Enfin, m’est remise la présentation de l’étude Alpha 1200 -> le protocole qui sera le mien pour soigner la maladie : à gauche c’est la voie de la guérison, à droite c’est un chemin plus long et compliqué. Plutôt stressant, mais ne pas s’apitoyer… accepter ce qu’on ne peut changer, c’est une devise qui devra être la mienne dans les mois à venir.

 

 

Journal d’une femme moelleuse

Cette maladie m’est tombée dessus un sombre jour de décembre. Voilà des mois que j’étais hyper fatiguée, à avaler de la taurine le matin pour continuer à bosser et des médocs le soir pour dormir, je me faisais des bleus tout le temps, mais jamais je n’aurais imaginé qu’un crabe se développait au cœur de ma moelle osseuse.

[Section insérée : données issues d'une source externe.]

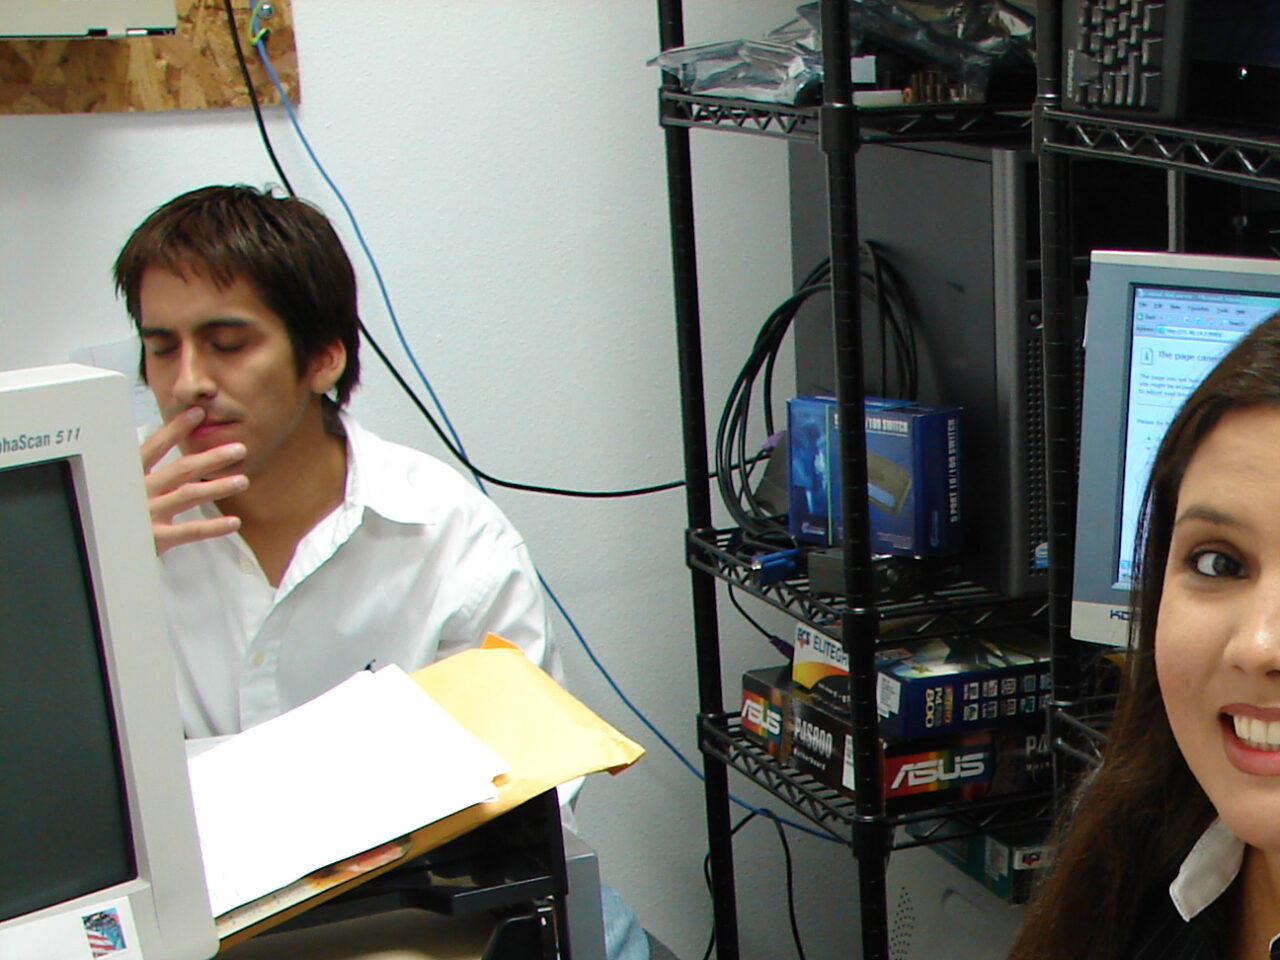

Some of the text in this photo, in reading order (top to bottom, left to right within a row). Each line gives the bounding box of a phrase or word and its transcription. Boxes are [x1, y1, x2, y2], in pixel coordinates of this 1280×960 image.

Et puis à la suite d’un mega abcès dentaire, j’ai fait des premières analyses de sang dont la formule inversée fut d’abord attribuée au problème de dent et aux antibiotiques. « Attendons deux mois pour voir si tout rentre dans l’ordre » me dit un médecin. Et huit semaines plus tard, rebelote avec ces nouvelles analyses où les globules rouges et blancs faisaient le grand écart et les plaquettes avaient quasi disparu ! Direction rapide vers un hématologue qui a vite confirmé le pot aux roses (qui étaient plutôt rouge vif) et diagnostiqué une mielo-dysplasie. Avec 18% de blasts (c’est-à-dire de cellules jeunes qui n’arrivent pas à atteindre l’âge adulte pour produire les globules rouges, globules blancs et plaquettes qui composent notre sang), j’étais à deux doigts de la leucémie aigue.

Les bras m’en sont tombés, les larmes ont coulé et les perspectives de ma vie jusque là hyper active se sont transformées en l’espace de quelques heures.

Avec ce journal, sans prétention aucune, j’ai eu envie de partager cette expérience, faite de quelques angoisses, de découvertes, de rencontres, d’éclats de rire aussi et de petits trucs ou tips qui serviront peut-être à d’autres malades.